Dataset entries
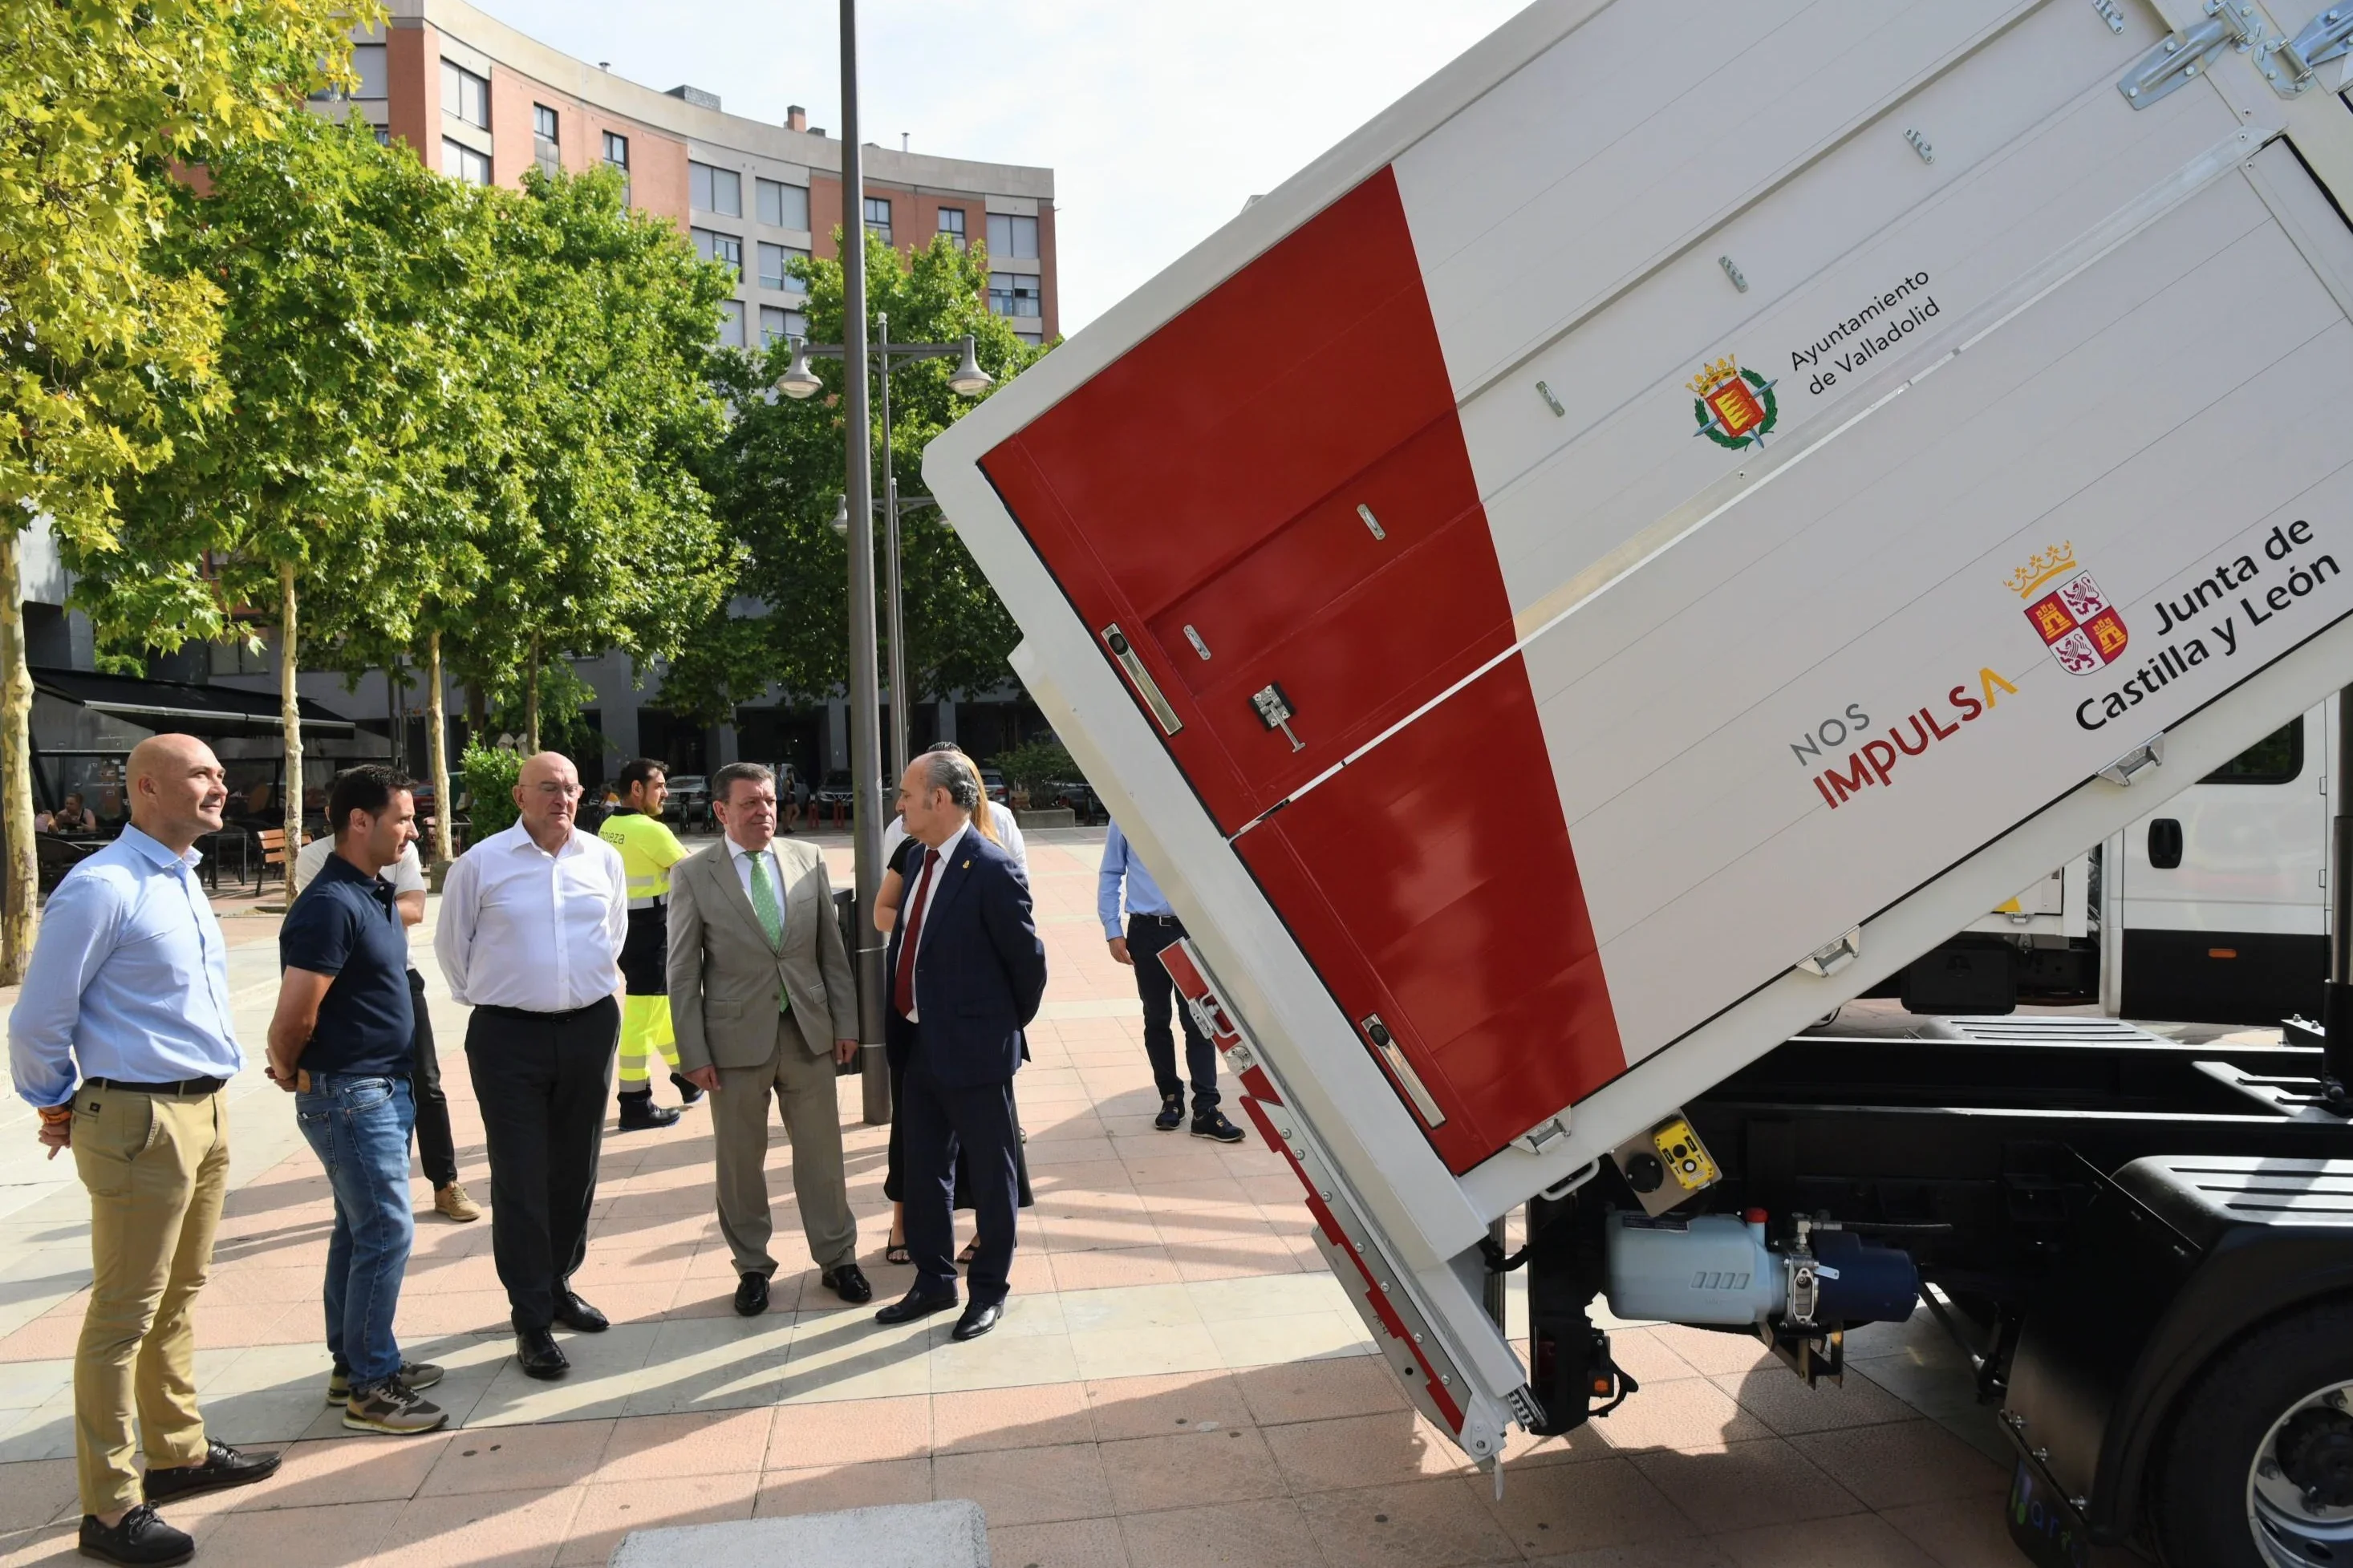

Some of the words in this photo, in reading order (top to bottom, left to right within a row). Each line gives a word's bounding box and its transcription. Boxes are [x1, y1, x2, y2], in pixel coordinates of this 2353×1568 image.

[1791, 270, 1929, 371] Ayuntamiento
[1809, 372, 1836, 395] de
[1834, 296, 1941, 373] Valladolid
[2154, 555, 2260, 636] Junta
[2264, 520, 2314, 561] de
[2075, 638, 2210, 731] Castilla
[2210, 616, 2237, 657] y
[2239, 554, 2341, 628] León
[1789, 703, 1870, 767] NOS
[1813, 667, 2018, 810] IMPULSA

Work item
The expected output is the material above, repeated exactly and free of pictures.

Solution
Some of the words in this photo, in reading order (top to bottom, left to right within a row). Each line gives a word's bounding box and its transcription. Boxes are [x1, y1, x2, y2], in pixel coordinates of this 2353×1568 image.

[1791, 270, 1929, 371] Ayuntamiento
[1809, 372, 1836, 395] de
[1834, 296, 1941, 373] Valladolid
[2154, 555, 2260, 636] Junta
[2264, 520, 2314, 561] de
[2075, 638, 2210, 731] Castilla
[2210, 616, 2237, 657] y
[2239, 554, 2341, 628] León
[1789, 703, 1870, 767] NOS
[1813, 667, 2018, 810] IMPULSA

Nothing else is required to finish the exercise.